Membalikkan badan dan memanggilku, setelah aku mendekat dia berkata dengan
tegas. “Berhenti mengikutiku!”. Mungkin karena kurang
berhati-hati, kunci mobil ditangannya terjatuh, dan tatkala dia membungkuk
untuk mengambilnya. Sesuatu yang berbulu keluar dari tas biru yang di bawanya.

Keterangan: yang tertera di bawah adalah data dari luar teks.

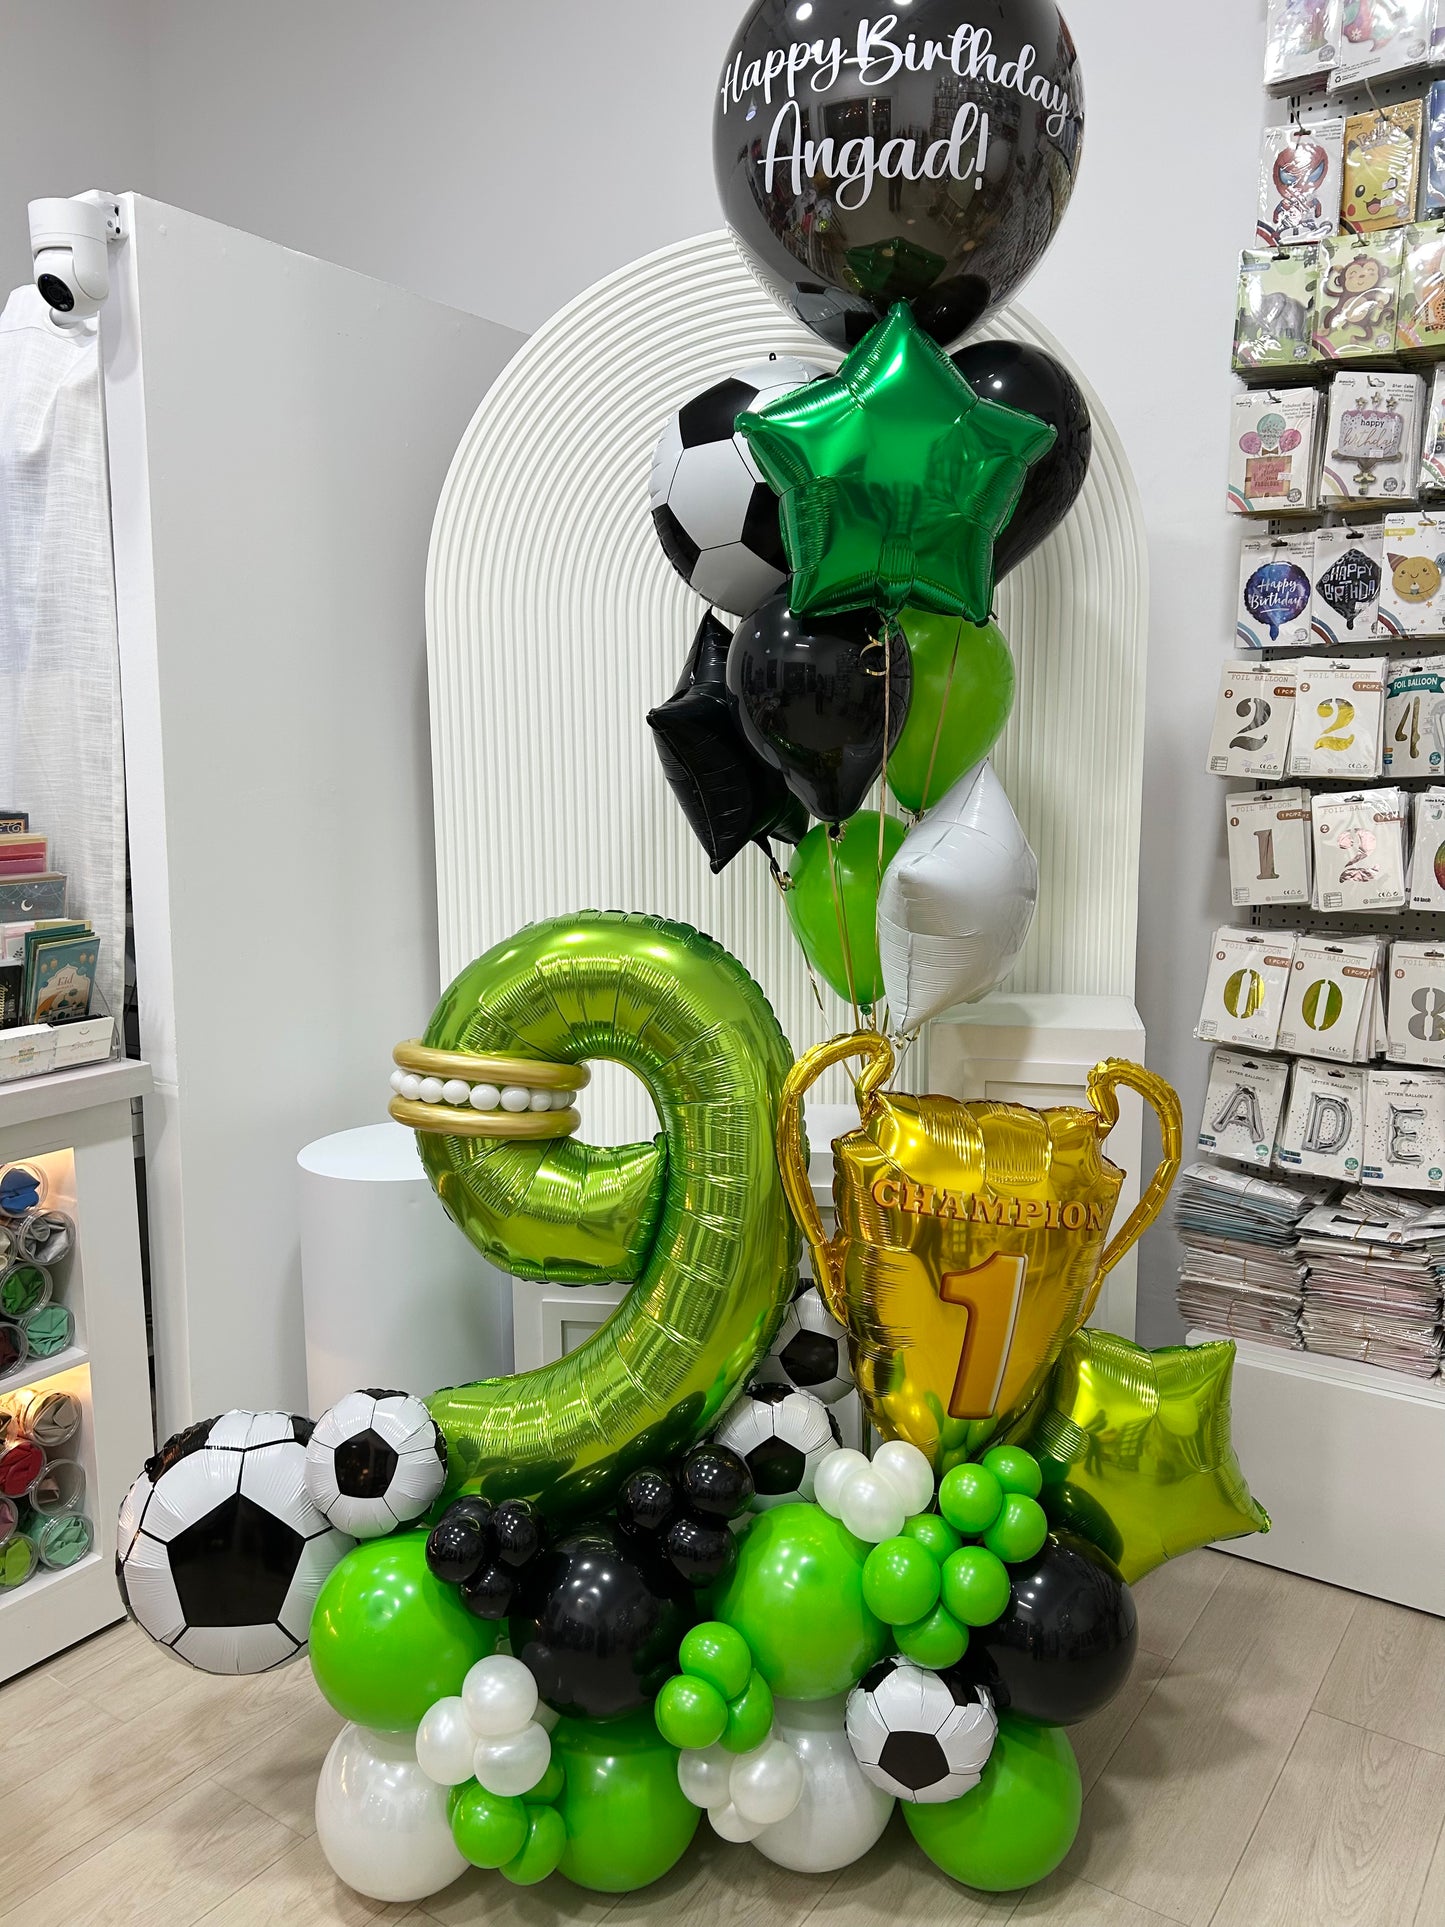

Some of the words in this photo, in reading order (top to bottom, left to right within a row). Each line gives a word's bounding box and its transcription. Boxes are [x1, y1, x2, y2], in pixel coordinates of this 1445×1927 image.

[720, 35, 846, 115] Happy
[843, 14, 1071, 137] Birthday
[757, 100, 989, 210] Angad!
[1343, 428, 1395, 456] birthday
[1361, 420, 1385, 428] happy
[1257, 577, 1299, 593] Happy
[1330, 562, 1373, 581] HAPPY
[1250, 592, 1302, 610] Birthday
[1254, 675, 1289, 683] BALLOON
[1393, 681, 1406, 690] FOIL
[1407, 677, 1438, 687] BALLOON
[1229, 698, 1271, 751] 2
[1314, 698, 1355, 751] 2
[1259, 802, 1292, 811] BALLOON
[1253, 829, 1280, 880] 1
[1337, 828, 1379, 883] 2
[1248, 946, 1282, 954] BALLOON
[1327, 956, 1361, 965] BALLOON
[57, 973, 75, 986] Eid
[1223, 968, 1265, 1020] 0
[1301, 978, 1343, 1031] 0
[1408, 987, 1445, 1041] 8
[1212, 1082, 1266, 1144] A
[1301, 1092, 1353, 1155] D
[1386, 1102, 1427, 1166] E
[871, 1178, 1104, 1232] CHAMPION
[939, 1250, 1029, 1421] 1
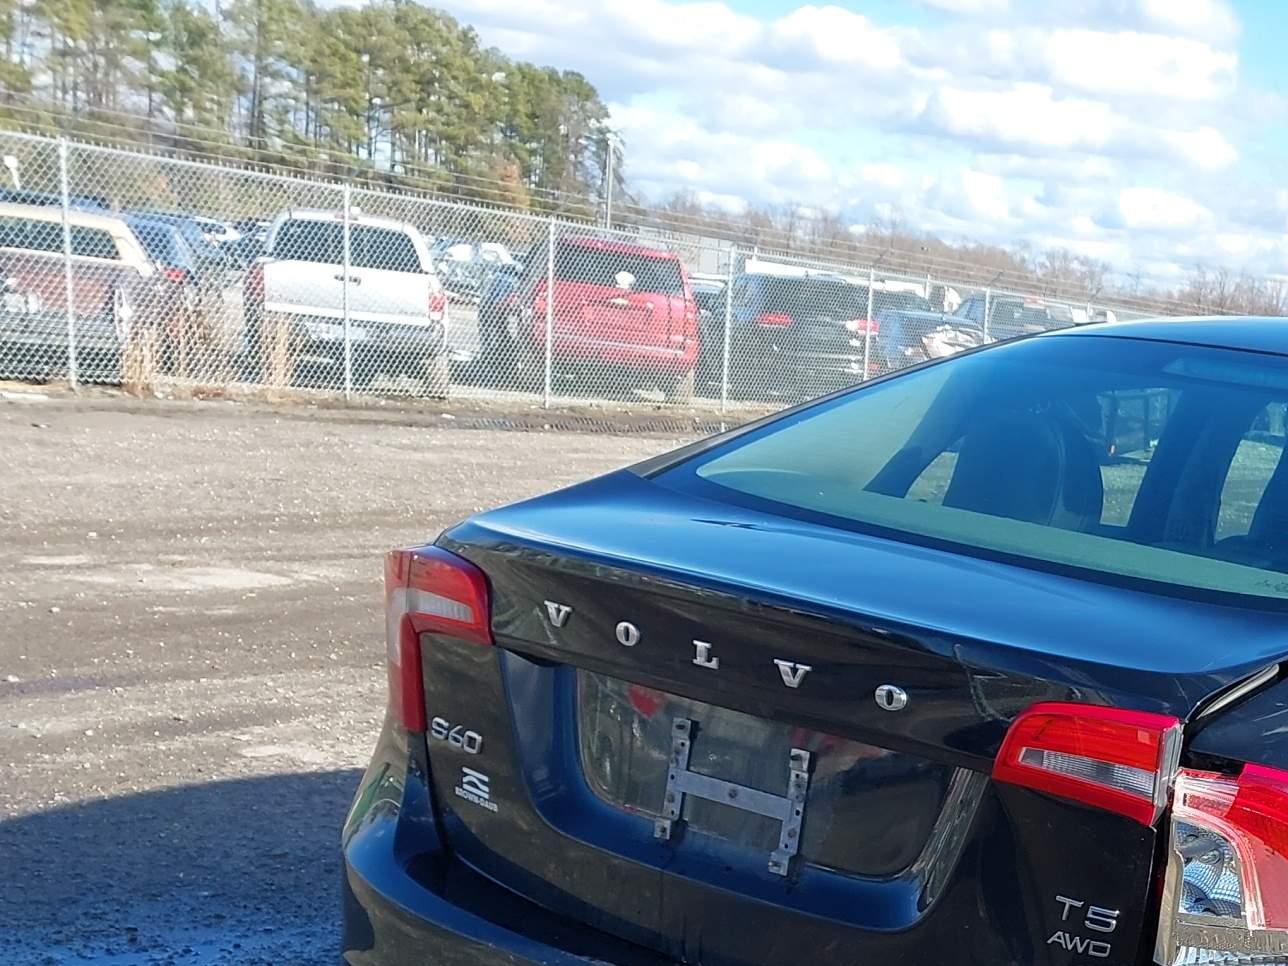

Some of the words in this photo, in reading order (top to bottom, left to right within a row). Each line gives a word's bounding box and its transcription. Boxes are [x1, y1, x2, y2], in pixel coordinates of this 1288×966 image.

[544, 600, 908, 711] VOLVO
[431, 716, 482, 754] S60
[1055, 895, 1120, 932] T5
[1046, 931, 1111, 957] AWD
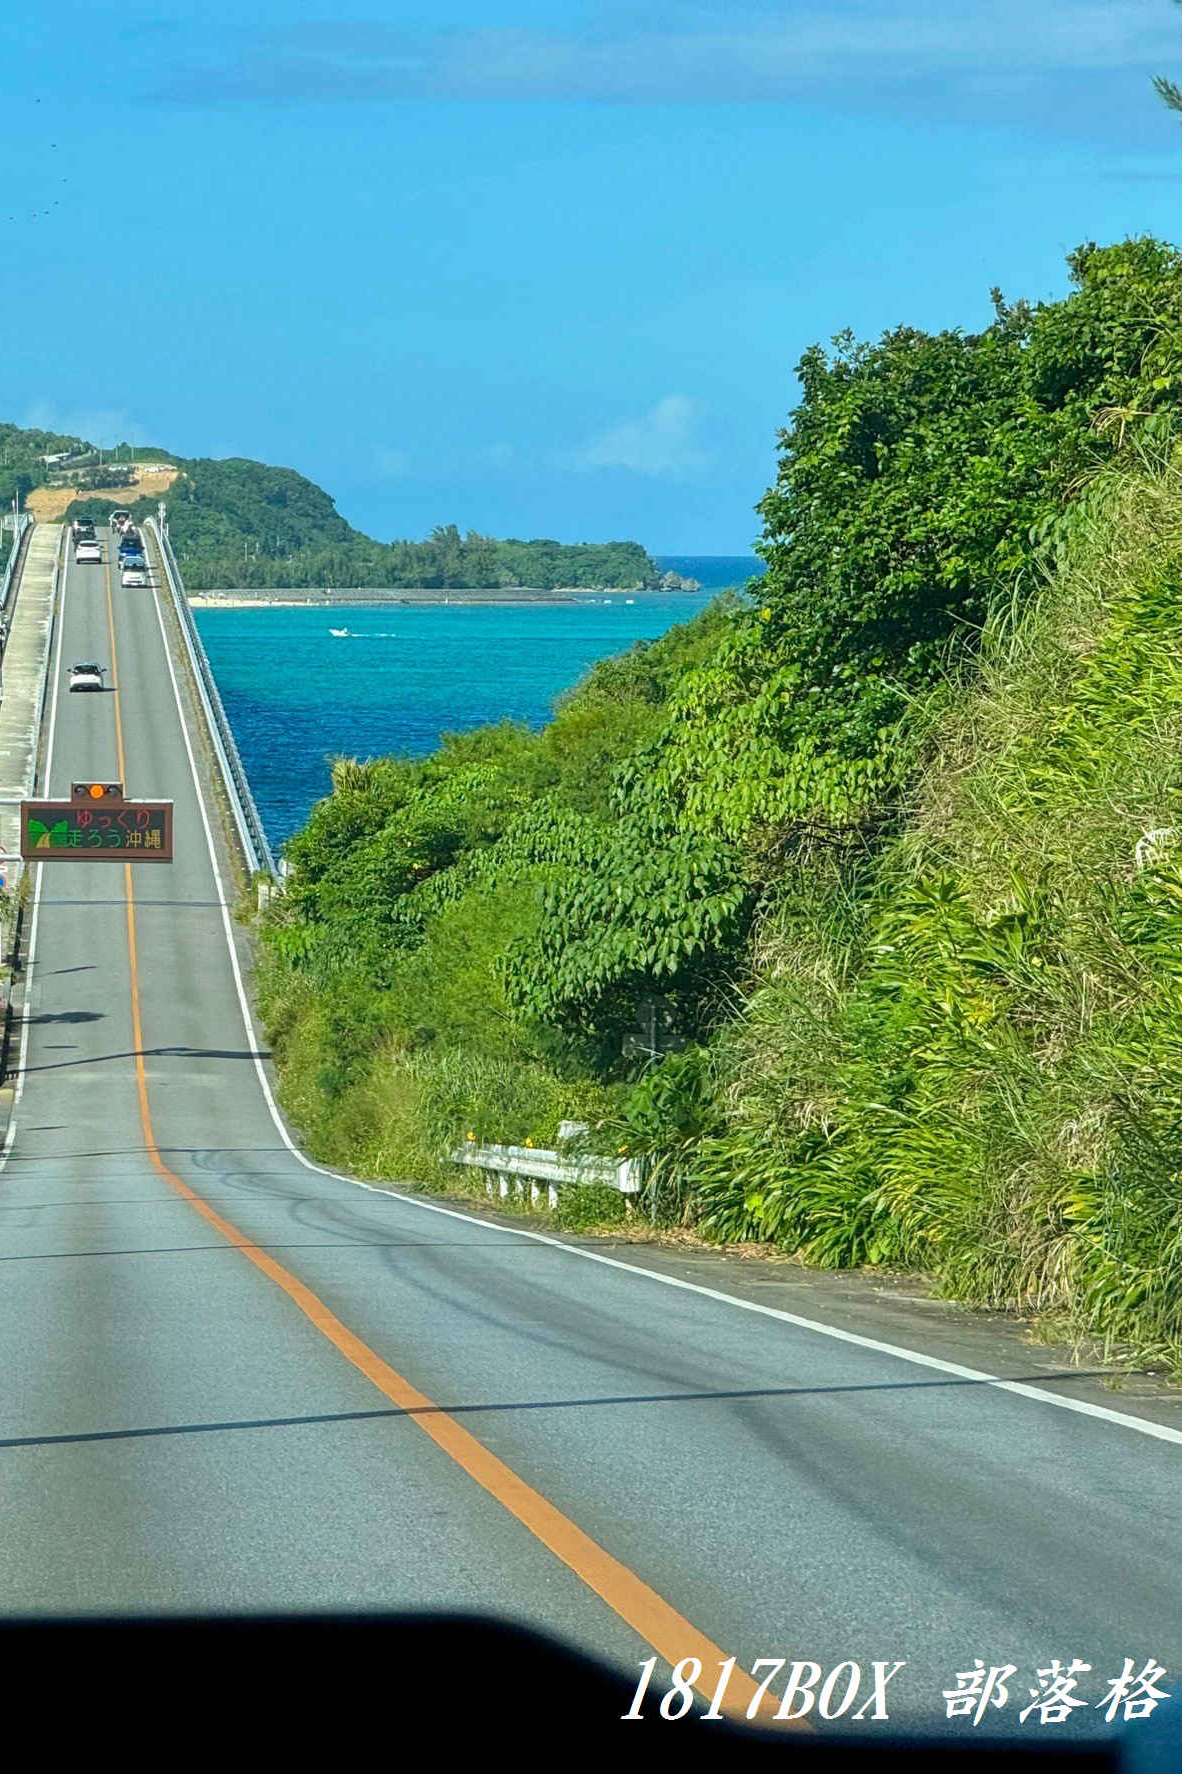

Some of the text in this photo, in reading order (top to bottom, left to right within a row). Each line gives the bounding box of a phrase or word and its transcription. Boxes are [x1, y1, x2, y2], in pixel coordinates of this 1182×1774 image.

[76, 809, 151, 829] ゆっくり
[66, 829, 162, 849] 走ろう沖縄

Setelah mendapatkan kembali kunci mobilnya dia segera berajak pergi
meninggalkanku yang terbengong-bengong sendiri. Sekian detik setelah kutersadar
segera kupungut sesuatu yang berbulu yang jatuh dari tas cewek itu.
“Cup,
cup, cup, Hati-ku sayang… kamu baik-baik saja kan?” kataku sambil memungut
hamster putih binatang piaraanku yang pagi tadi di perpustakaan tanpa sengaja
meloncat masuk ke tas cewek berjilbab biru yang segera pergi sebelum aku sempat
mengambil binatang kesayanganku itu. “Hati-ku sayang, kamu tidak boleh nakal
lagi, aku sangat megkhawatirkanmu, tidak boleh masuk sembarangan ke tempat
orang lain ya?”. Sekarang kenalkan ini hamster kesayanganku, namanya Rohati,
aku biasa memanggilnya Hati.
Sejenak
aku terdiam sepertinya aku lupa sesuatu, apa ya? Ya, aku lupa menjelaskan yang
sebenarnya kepada cewek berjilbab biru itu, ia pasti telah salah paham karena
kuikuti seharian ini. Duh, Sinichi Kudo yang gagal misi. Kalian pasti aneh
kenapa harus pakai stalking diam-diam
gak ngomong langsung saja dari awal? aku pun menanyakan
pertanyaan yang sama, tapi aku tak pernah menemukan jawabannya. Tapi meski aku
tidak tahu jawabannya, setidaknya aku tahu hikmahnya, kalau aku menanyakan
langsung dari awal, tidak akan ada cerita pendek ala Sinichi Kudo yang gagal
misi ini. Rencananya cerpenku ini akan ku kirimkan ke majalah favoritku. Kan,
apa ku bilang selalu ada hal positif dibalik setiap kejadian.